This makes the federal government’s newly released national cultural policy even more critical. All eyes are on Revive, and I am sure we wish the federal government and the Australia Council as it seeks to shape the new Writers Australia. Much will depend on how much money is restored to the pitifully underfunded federal arts budget – one that actively discriminates against literature. I don’t need to remind this audience that Australia Council of literature has been bogged at $5 million dollars for three decades. Three decades! At the risk sounding like Gilbert and Sullivan – it would be hilarious if it weren’t so deleterious.
Now, government has a chance to redress this historical neglect. And here – to my mind – not just publishers and gatekeepers (if that’s what we are) – we all have an opportunity and a responsibility to lobby government and the Australia Council to ensure that past neglect of literature is overturned and that the journals and publishers that nurture young writers and pay them fairly are supported.
But we’re here of course to talk about Verge – not governments and financial exigencies.
Verge is edited by Samuel Bernard, Thomas Rock and Vera Yingzhi Gu. In their introduction they note:
Defiance is too often associated with rebellion, insurrection or revolution, though the act is exquisitely heterogeneous. For Verge’s 2023 issue, we challenged writers to ponder this timely and universal concept.
The results are promisingly multifarious. The contributors – all 31 of them – write about forms of resistance and defiance – from the domestic to the planetary.

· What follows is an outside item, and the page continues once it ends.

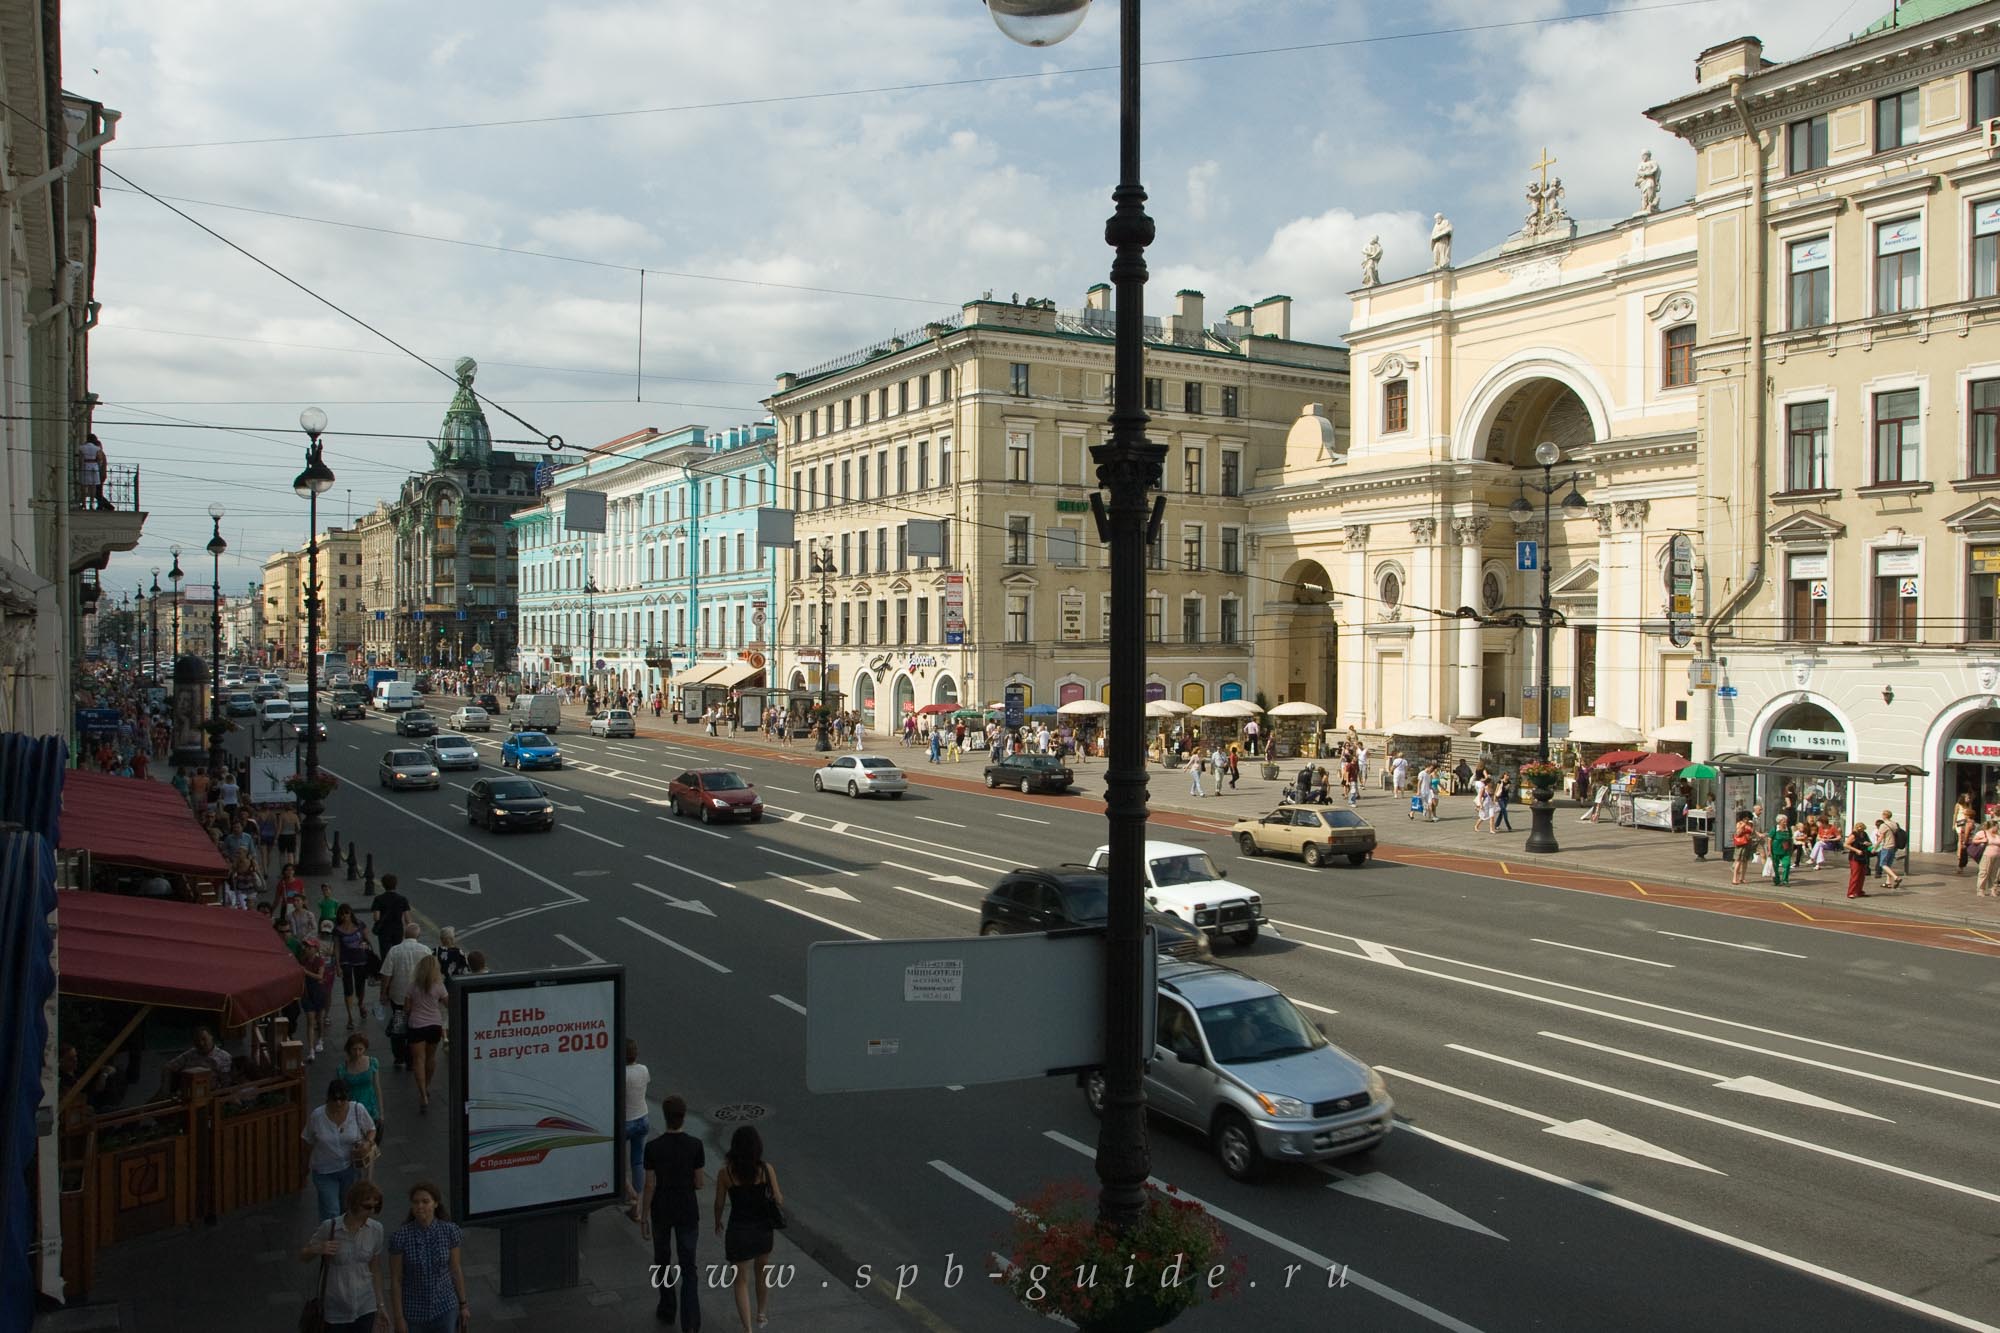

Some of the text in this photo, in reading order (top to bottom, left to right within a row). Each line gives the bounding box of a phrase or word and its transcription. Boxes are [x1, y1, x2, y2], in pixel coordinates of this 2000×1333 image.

[497, 1007, 545, 1026] ДЕНЬ
[474, 1019, 606, 1041] ЖЕЛЕЗНОДОРОЖНИКА
[474, 1031, 608, 1060] 1 августа 2010
[488, 1153, 540, 1168] Праздником!

There are stories and poems about domestic challenges, gender issues, the perils of identity, and what Cameron Semmens in his poem ‘Exiting the Forest’ calls ‘the crawling fear of environmental apocalypse’.

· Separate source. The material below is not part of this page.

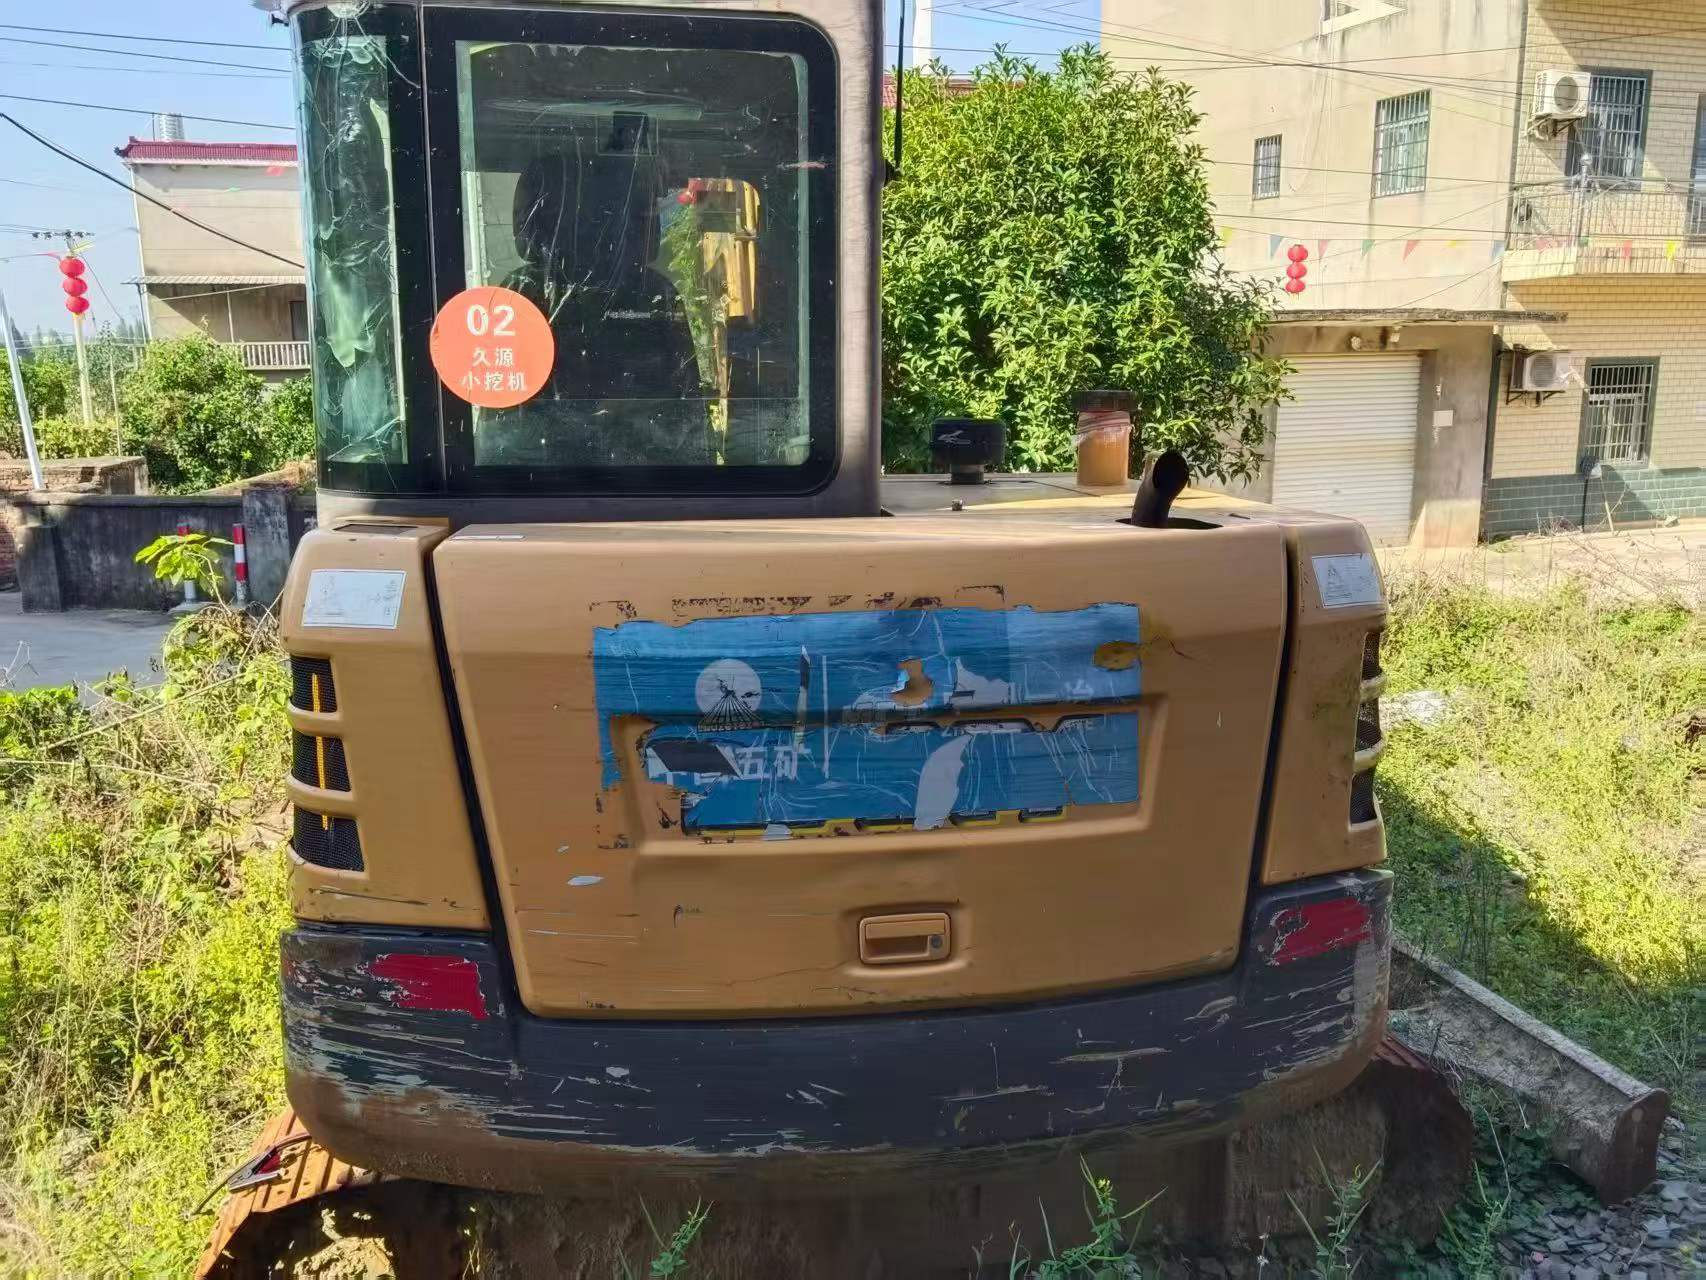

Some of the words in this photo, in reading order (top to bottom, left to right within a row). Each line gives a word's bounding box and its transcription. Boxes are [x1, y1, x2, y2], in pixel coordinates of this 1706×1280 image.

[466, 304, 516, 337] 02
[472, 347, 513, 368] 久源
[460, 371, 527, 392] 小挖机

But defiance takes many forms – some active, political – others moral, instinctual, epistemological.
While I have written in other forms (fiction, memoir, criticism), I have devoted much of the past forty years to poetry – without ever really stopping to consider why I actually write the stuff; what it is that motivates me; what it is I am trying to effect. Here, I am rather like Thom Gunn, who once wrote: ‘I am interested in individual poems, not in poetics.’

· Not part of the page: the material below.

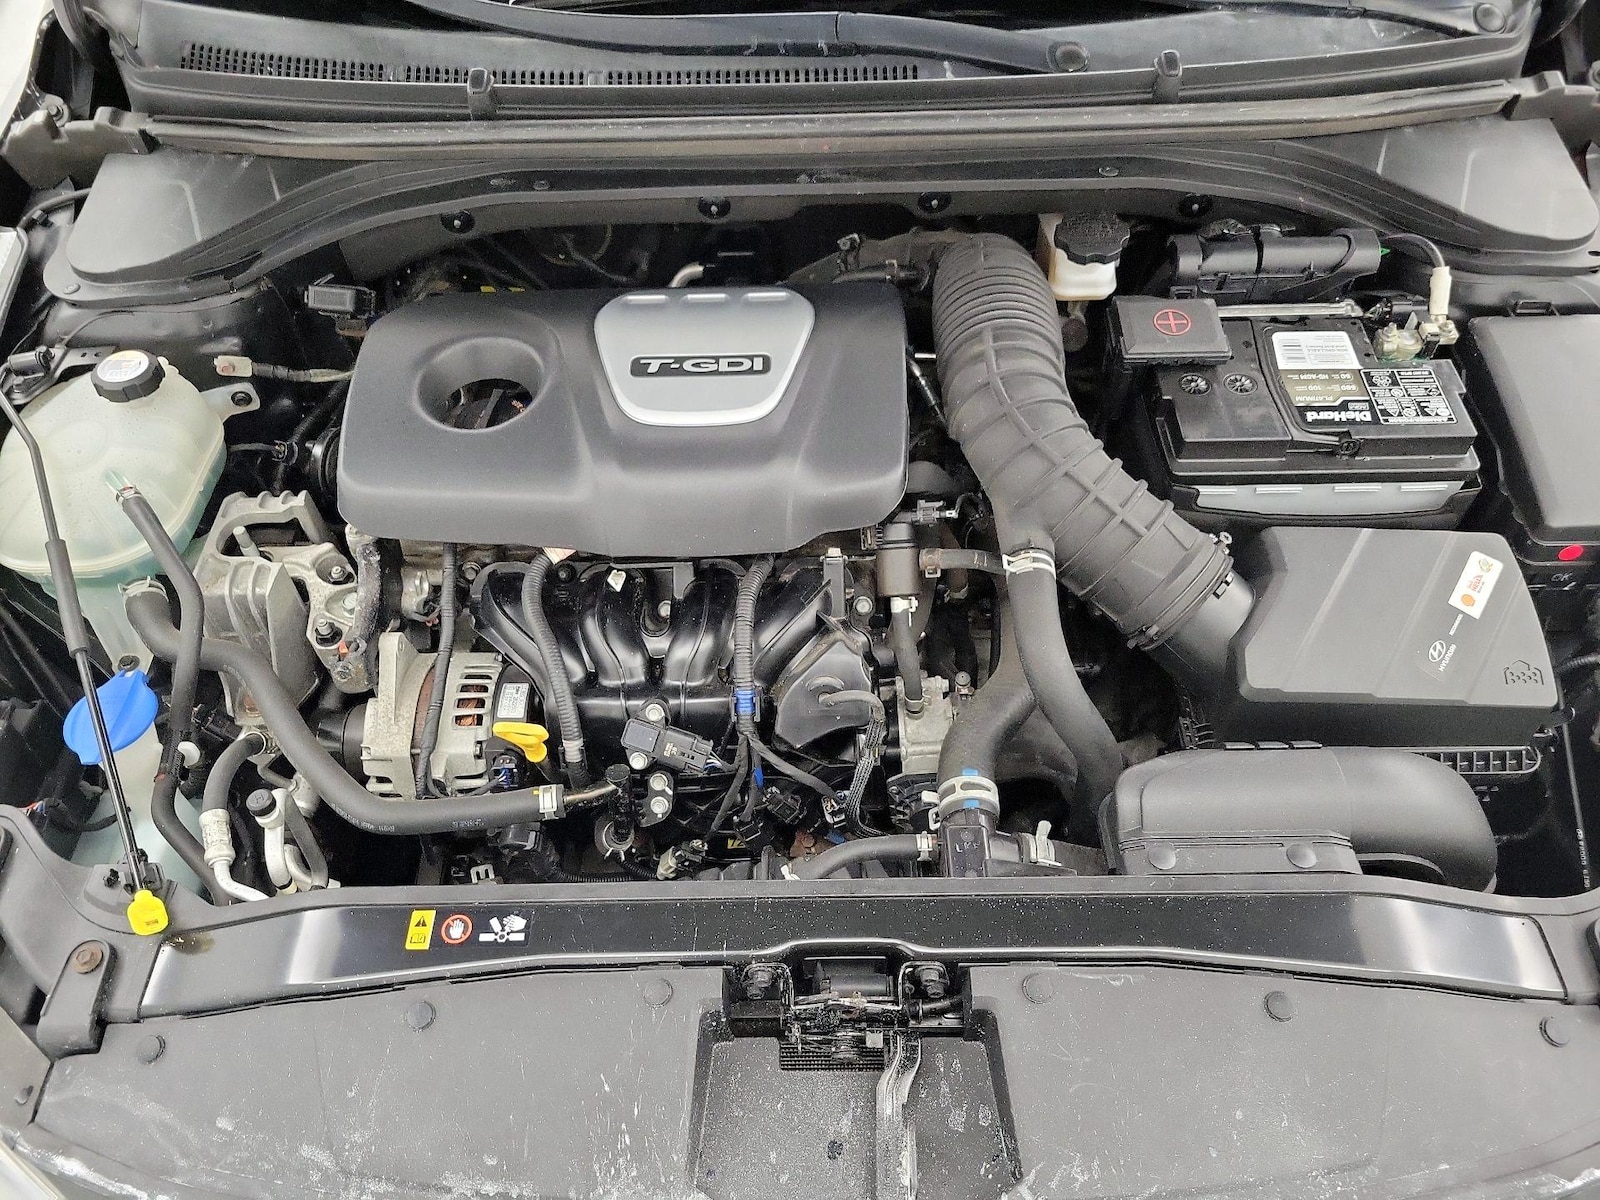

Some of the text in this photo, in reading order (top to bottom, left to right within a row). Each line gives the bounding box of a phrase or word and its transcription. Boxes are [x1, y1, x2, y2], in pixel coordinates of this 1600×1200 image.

[640, 356, 764, 374] T-GDI
[1305, 410, 1372, 422] DieHard
[1438, 643, 1457, 672] HYUNDAI

Only lately have I begun to reflect on the properties and dispensations of poetry.
Each poem, each donnée, each poetic state surely represents a kind of refusal – a retreat from conventional ways of perceiving life, family, nature, relationships, society, mortality.
What are we doing as poets when we succumb to a poem but seeking unique metaphors for reality – ones never shared, never conceived before, too weird for public circulation.
‘Étonné-moi’, the impresario Diaghilev famously exhorted Jean Cocteau – and that was a good century ago. Surely it’s the artist’s duty to astonish us – not to echo, not to reinforce, not to concur. There is far too much yea-saying in this country. This is such a conformist age, when politicians and admen and social media zealots and corporate masters exhort us to think and act in certain ways, not to rock the boat, to express ourselves along certain lines. What a betrayal of intellectual freedom and the artistic life.
I am in total agreement with W.H. Auden, who declared: ‘Alienation from the Collective is always a duty.’
Albert Camus once said, ‘The real passion of the twentieth century is servitude’. Sometimes I fear that even worse forms of subservience and intimidation are loose in the twenty-first century.
Another quote (I am very quotatious tonight!) – from Wallace Stevens, one of the great poets of the twentieth century. It comes from his collection of epigrams called Adagia – indispensable reading for any poet: ‘The imagination wishes to be indulged.’
So let’s indulge it – and celebrate it.
Angela Jones has a poem in Verge and it contains a wonderful refrain – ‘Oh, the places you won’t go’, she repeats. I suppose my small point is that there are no places where writers shouldn’t venture – however private, subversive, imaginary.
I will end with a quote from James Baldwin – boldest of social critics – most eloquent of twentieth-century American writers. He wrote:
‘All art is a kind of confession, more or less oblique. All artists, if they are to survive, are forced, at last, to tell the whole story, to vomit the anguish up.’
Telling the whole story, yes, vomiting it up – not just half of it either, and certainly not the savoury or orthodox bits – is a writers’ responsibility. It’s the promise of such that admirable publications like Verge enable writers and thus readers to explore.
I wish it every success, and I congratulate everyone associated with this edition.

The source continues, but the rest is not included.